Nell’arte, un dettaglio come quello dei capelli, che può essere ritenuto secondario, rivela in realtà molte informazioni sul pensiero dell’epoca in cui è stato dipinto. Ne parla Emanuele Lugli, presentando alcuni esempi che possano far comprendere questo concetto, riferendosi principalmente al Rinascimento.
L’autore inizia mostrando il ritratto di Simonetta Vespucci, dipinto da Botticelli, e ne fa notare proprio l’acconciatura: trecce, ciocche, code, perle… un lavoro complesso, che richiese sicuramente tempo ed energie, di gran lunga maggiori di quelle impiegate per realizzare il profilo della donna. Tutta questa cura rivela che probabilmente ciò che interessava di più a Botticelli erano proprio i capelli. Ma perché tutta questa attenzione? Lugli analizza a fondo l’opera, e fa notare come le ciocche della giovane assomiglino a fiamme. Fiamme che si possono ritrovare anche nella celebre Primavera di Botticelli, utilizzate per la freccia di Cupido e per la veste del giovane Mercurio, amato da una delle tre Grazie: fiamme che rappresentano l’amore, la passione.
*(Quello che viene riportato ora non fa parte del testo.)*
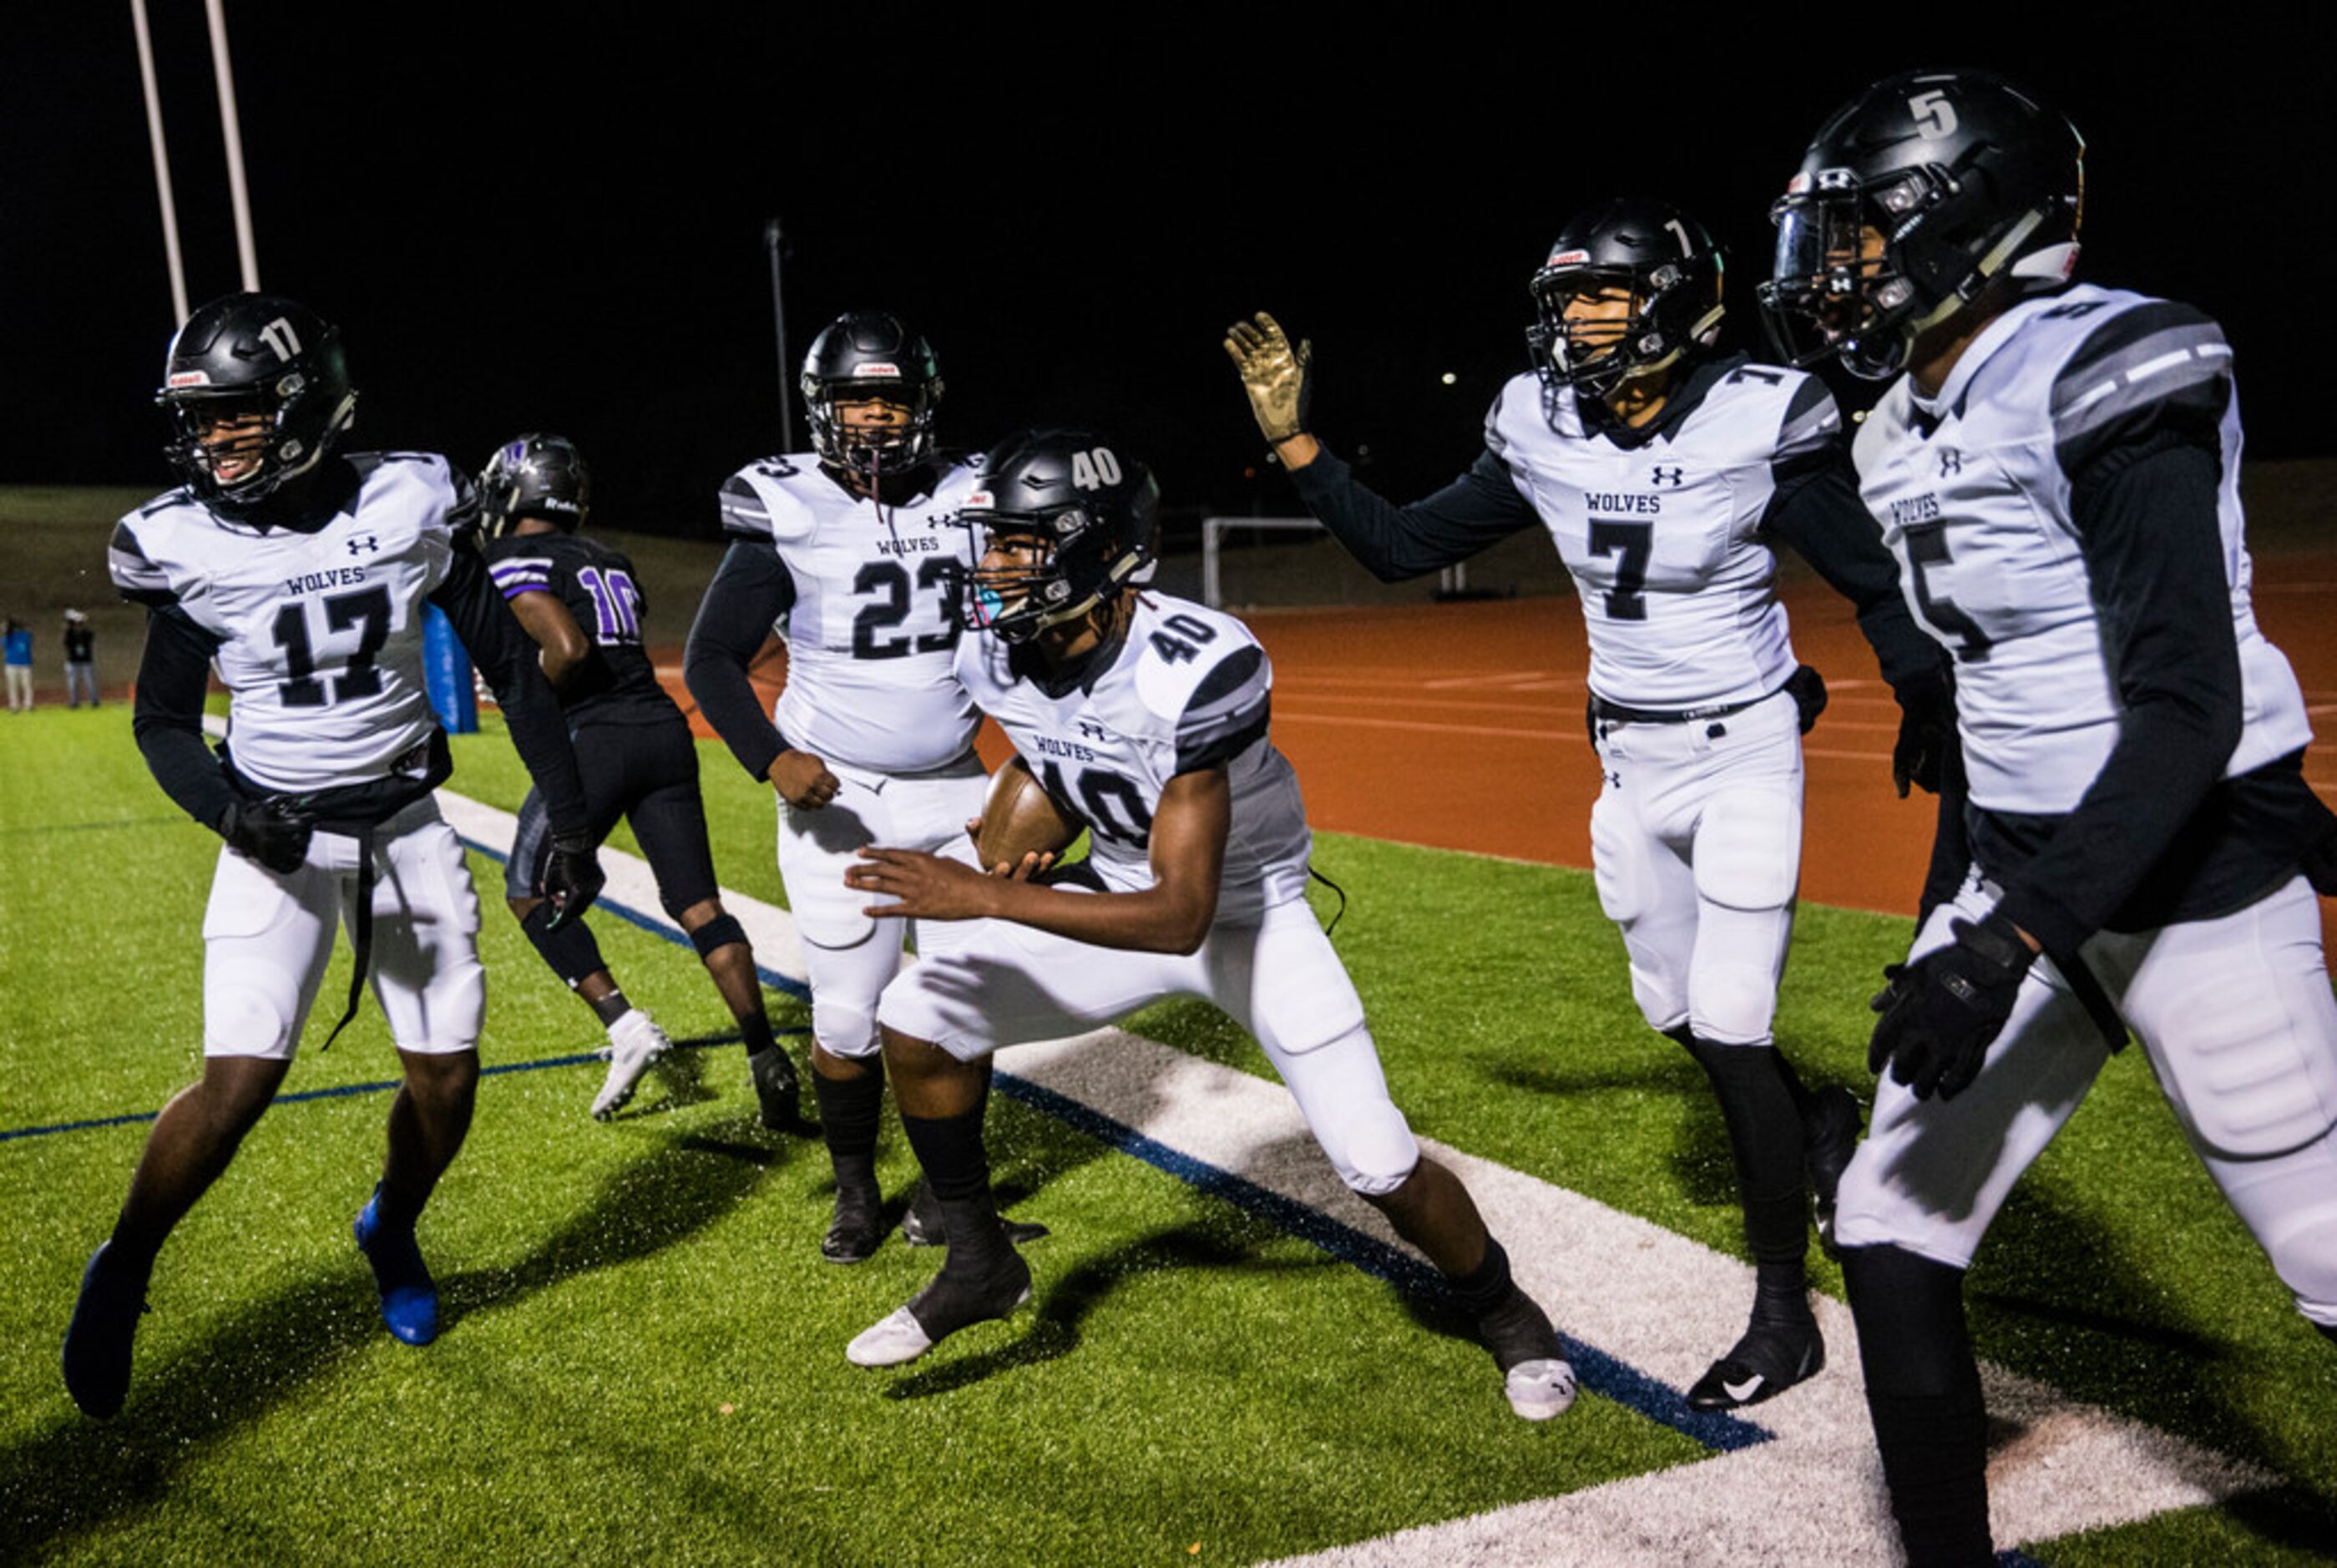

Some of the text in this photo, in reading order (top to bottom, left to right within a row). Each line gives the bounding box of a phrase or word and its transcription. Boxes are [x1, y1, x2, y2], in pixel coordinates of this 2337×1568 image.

[1909, 90, 1960, 140] 5
[1664, 219, 1692, 258] 7
[256, 316, 303, 362] 17
[1071, 448, 1122, 492] 40
[1586, 493, 1661, 513] WOLVES
[1890, 492, 1940, 524] WOLVES
[877, 536, 940, 555] WOLVES
[287, 566, 366, 596] WOLVES
[1588, 518, 1653, 621] 7
[1904, 519, 1991, 663] 5
[852, 554, 965, 660] 23
[271, 584, 392, 707] 17
[1147, 614, 1219, 666] 40
[1033, 734, 1095, 762] WOLVES
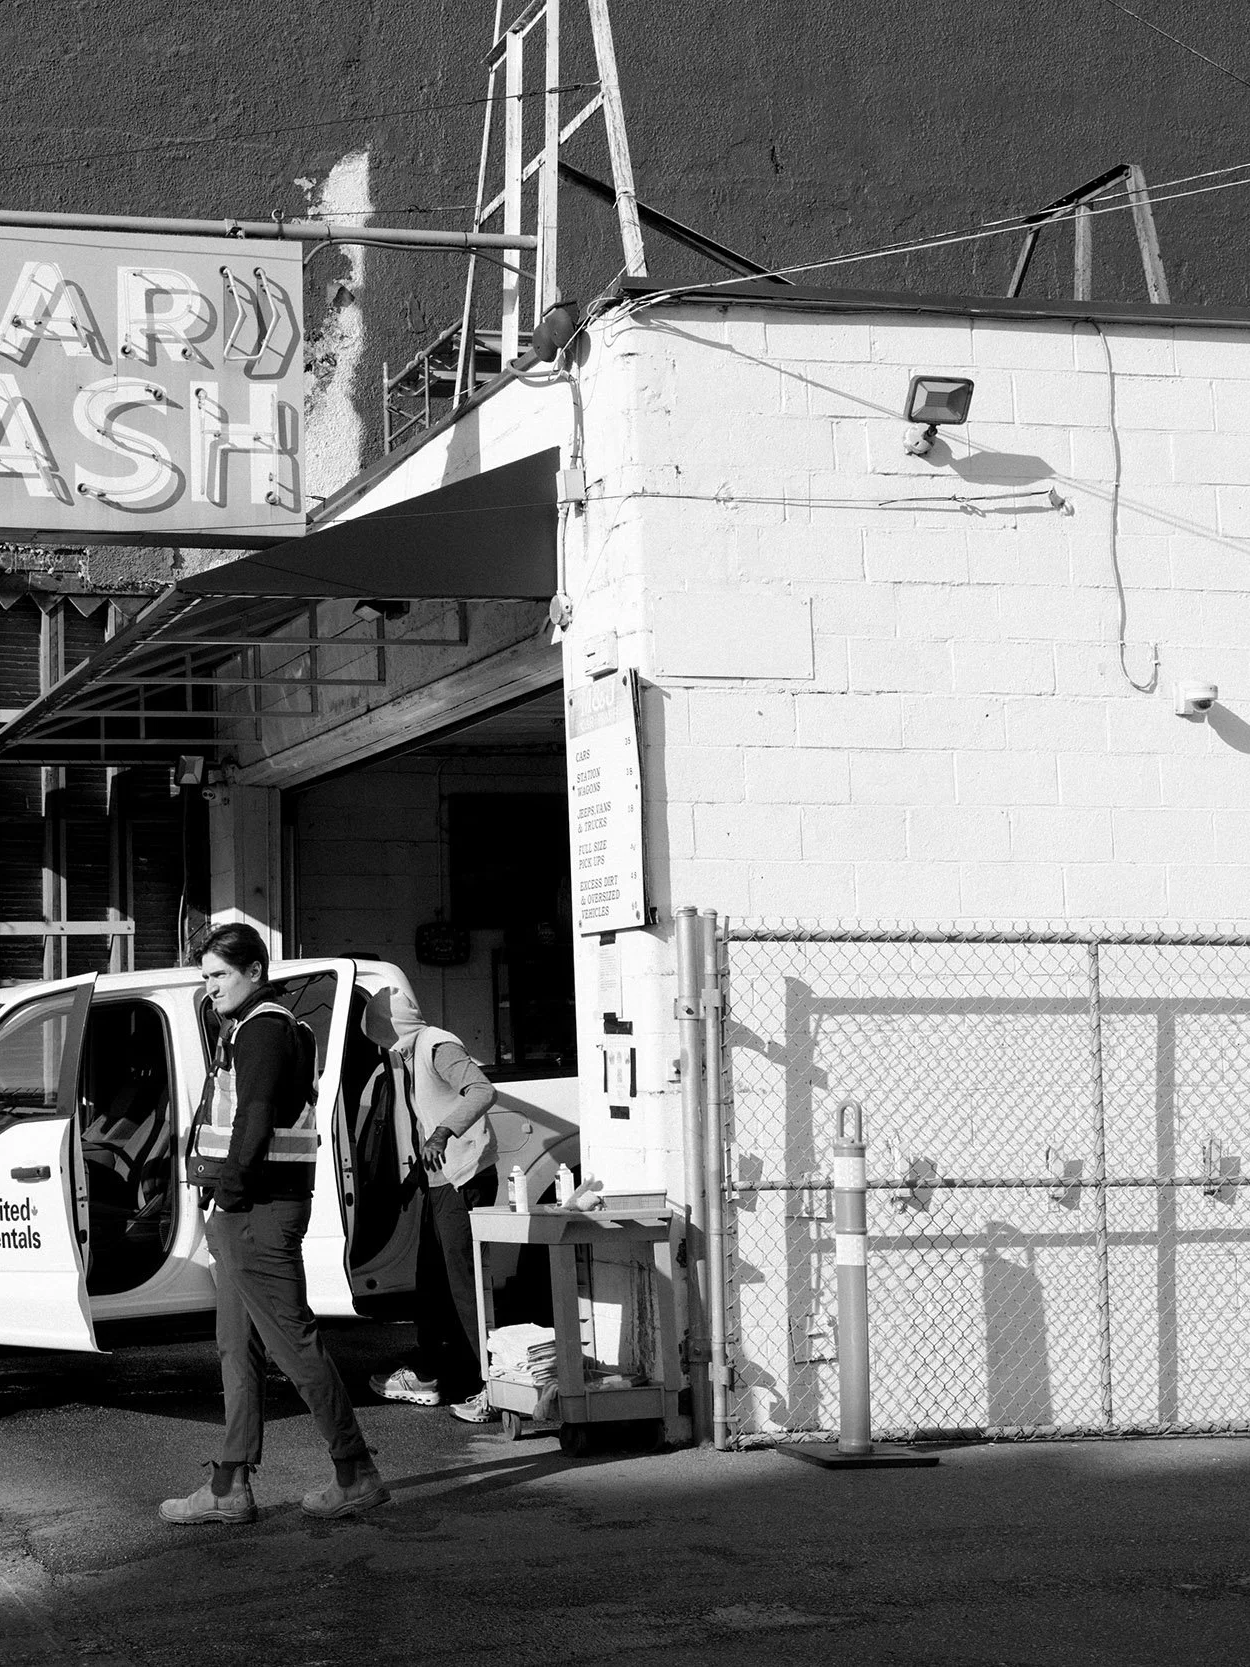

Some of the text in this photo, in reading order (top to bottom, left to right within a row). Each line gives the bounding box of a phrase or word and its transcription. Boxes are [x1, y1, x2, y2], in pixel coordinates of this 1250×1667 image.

[576, 749, 590, 762] CARS
[577, 767, 601, 783] STATION
[577, 781, 601, 797] WAGONS
[584, 817, 608, 831] TRUCKS
[579, 840, 607, 856] FULL SIZE
[579, 855, 605, 870] PICK UPS
[580, 878, 602, 892] EXCESS
[604, 875, 618, 887] DIRT
[587, 889, 620, 905] OVERSIZED
[582, 906, 609, 919] VEHICLES
Effettivamente i capelli sono descritti come oggetto di amore e desiderio da molti poeti, ad esempio da Apuleio, nelle Metamorfosi, dove il protagonista, Lucio, si innamora proprio dei capelli di una schiava. Possiamo poi pensare a Petrarca, che in numerosi componimenti descrive i capelli di Laura, o a Boccaccio, che parla in modo minuzioso delle acconciature delle ninfe nei suoi racconti. E possiamo spiegare l’utilizzo dei capelli come simbolo d’amore in quanto nel passato le donne avevano degli obblighi riguardo a come mostrarsi in pubblico, e spesso i capelli erano l’unica parte visibile del loro corpo, in grado di suscitare desiderio.
Nel pensiero rinascimentale i capelli sono dunque rappresentati come “fiamme” di passione, ma sono legati al calore anche secondo la scienza dell’epoca. Nei trattati di medicina si cerca di spiegare come i capelli possano continuare a crescere nonostante siano materiale morto, e la risposta più plausibile sembra essere la seguente: il vapore caldo all’interno del corpo, una volta arrivato nella testa, più fredda, crea uno strato secco, da cui provengono i capelli, come fiamme dal calore.
Collegata ai capelli e al calore c’è però un’ulteriore simbologia, molto sentita dagli uomini del Rinascimento. I capelli sono percepiti come qualcosa di superfluo, simbolo di vanità e lussuria, e dunque sono ricollegati al diavolo e al peccato. Per questo i capelli femminili devono essere acconciati accuratamente, domati, per essere accettati pubblicamente e non creare scandalo. E proprio a causa dei lunghi capelli da riordinare, dei crines (termine usato anche per designare il pelo degli animali), le donne sono spesso malviste.
Lugli analizza a questo punto La nascita di Venere di Botticelli, sottolineando come l’artista abbia osato nella rappresentazione della Venere, che contiene in sé il corpo dell’ Afrodite di Cnido, modello di grazia e perfezione, e la testa di Medusa sulla Tazza farnese, con gli stessi capelli lunghi, simbolo allo stesso tempo di amore e pericolo, di seduzione. Questa rappresentazione deve aver avuto un effetto di indignazione sul pubblico rinascimentale. L’idea di Botticelli è però proprio quella di immediato innamoramento, di stupore, alla vista di questa Venere e dei suoi capelli indomiti.